There was the whole Yuppie Eradication Project.

I'm not disputing that the rental market in the 415 is grim -- this is why I fled to the 510 and bought a house there -- but I don't think what is happening now is anything new.

It's easy for writers to claim that techies have been driving out artists and activists but it's been going on for, what, 16 years now? And it's okay to be sad about the fact that San Franciscans can no longer hold down a P/T job for scratch while their real work is doing activism or art, but in how many American cities is making a living part time an option for anyone?

I sometimes wonder if one of the elements of the SF Bay Arean soul is the inability to reconcile the iconoclastic San Francisco of myth with the reality that the city's susceptible to the same forces that shape other American cities.
posted by sobell at 3:01 PM on June 7, 2013 [1 favorite]


SF doesn't have enough housing to tolerate shitbags who deliberately keep housing empty.
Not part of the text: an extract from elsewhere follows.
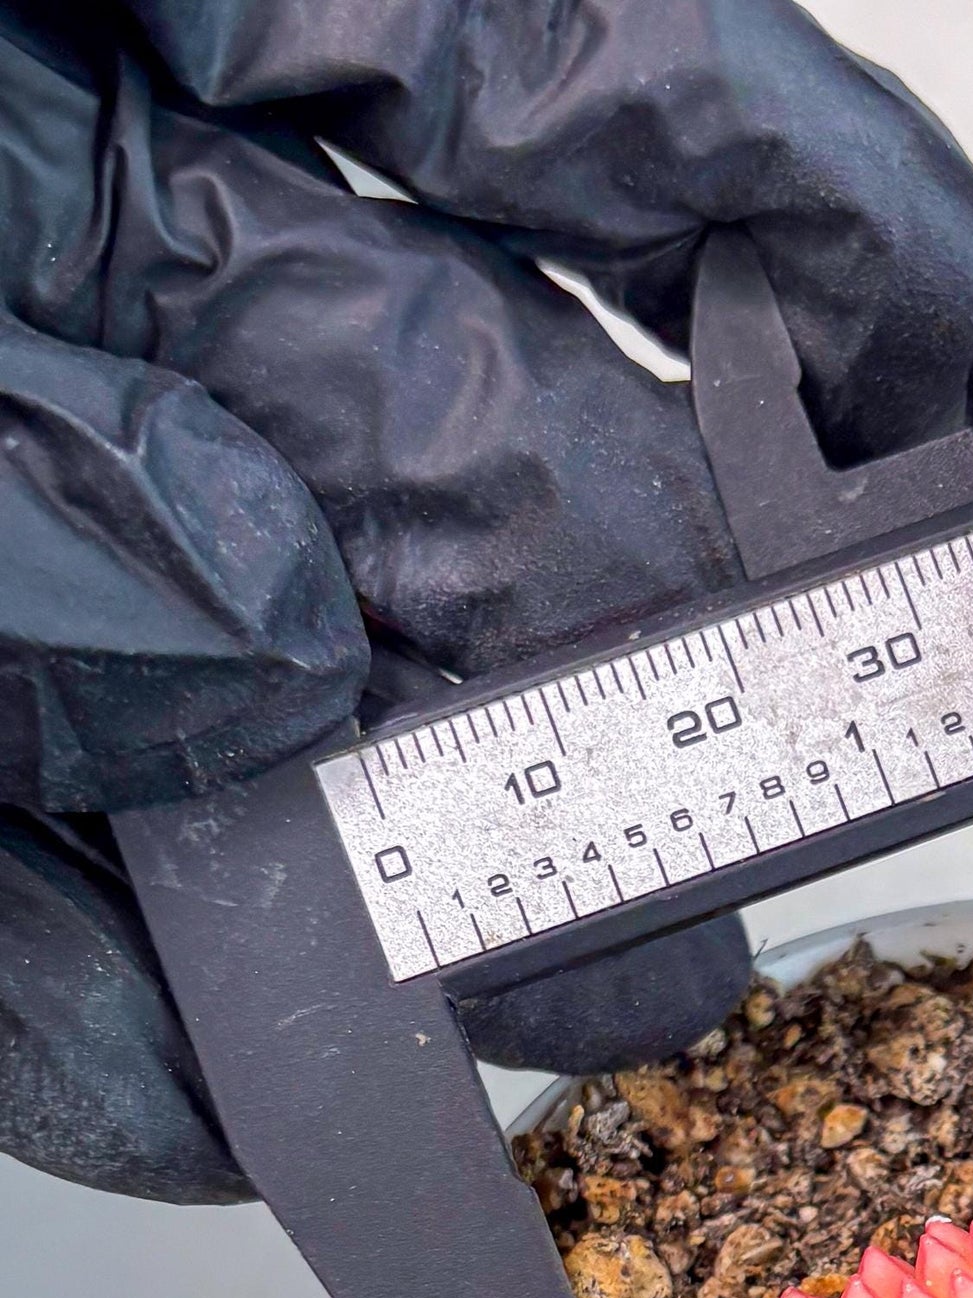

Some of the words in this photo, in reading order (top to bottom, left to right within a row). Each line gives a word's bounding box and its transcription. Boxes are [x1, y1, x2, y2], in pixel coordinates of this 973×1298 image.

The ability to do so should be regarded as a bug, not a feature, and patched out.

I feel like there needs to be serious landlord tenant act type legislation that bars both buying rental properties and keeping them intentionally empty until some arbitrary point(call it what it is, market manipulation), and just generally buying condos or other housing and never living in them. I read stories all the time about major parts of london, NYC, and other major cities being full of empty condos/co-ops/apartments that are simply purchased or rented out by people who just want to sit on the space.

So in San Fransico if you buy a house with tenants you can't evict them?

This is common in the US. It works this way in seattle as well. The general caveat is that it only applies if they have a lease, and only for the length of that lease. Which, to address another question asked right below you... Leases over 1 year are very rare. In practice you can buy a place and probably kick the person out in a couple months. The only time this gets complex is when it's a large apartment complex or something, but then you either just buy those people out("We'll pay your moving costs and 3 months of your new rent!" kind of crap) or just stop accepting new tenants or leases and wait for them to all time out.

Do Americans call apartments flats now?

Only when it's an apartment in a expensive pretentious asshole's building.
posted by emptythought at 3:14 PM on June 7, 2013


Waiting eagerly for dhartung to chime in.

*chuffed*

Yeah, this was a poor article. I mean, an argument against tenants rights laws would theoretically run after a dozen serious incidents and several court hearings where the tenant invoked law X, not boy, we gave him notice after being afraid to do anything and then he just, you know, left. Good grief, the victim complex some people have.

For reals, there certainly could be a tipping point for somebody in this context, but his is apparently just landlording is a hassle. Which it certainly is, even in nominal cases, and somewhat less so when you have great tenants. Nobody likes the 2 a.m. call that the water heater is flooding.

But anyway, I find it interesting that so many SF apartments are empty. Truth be told, however, one of the things I often mention is that rentals are a very convenient tax dodge. Especially if you have lots of, say, business or royalty income. You will find many landlords are set up this way, where they have a bar or other small business, and then they have some rentals. Even if they have empty units, they get to write off a lot of their expenses, including mortgage interest, and then there's depreciation on top of that. There are caps and rollover rules, to be sure, but it's very possible to run a rental business as a deliberate money-loser and thereby reduce your tax liability for other income you receive. This is also why a lot of big cities have slumlords who are basically warehousing properties to the point of total destruction, because it's either a tax strategy or a subsidized (by the tax strategy) way to hold onto property for future redevelopment when it's more valuable. Anyway, my point is that this exists irrespective of San Francisco or California law. I would be willing to bet if a reporter followed up with some of those apartments held empty they would find something like this (at the very least, it stands to reason that if you're keeping a place empty you either have no mortgage to carry, or some other source of income).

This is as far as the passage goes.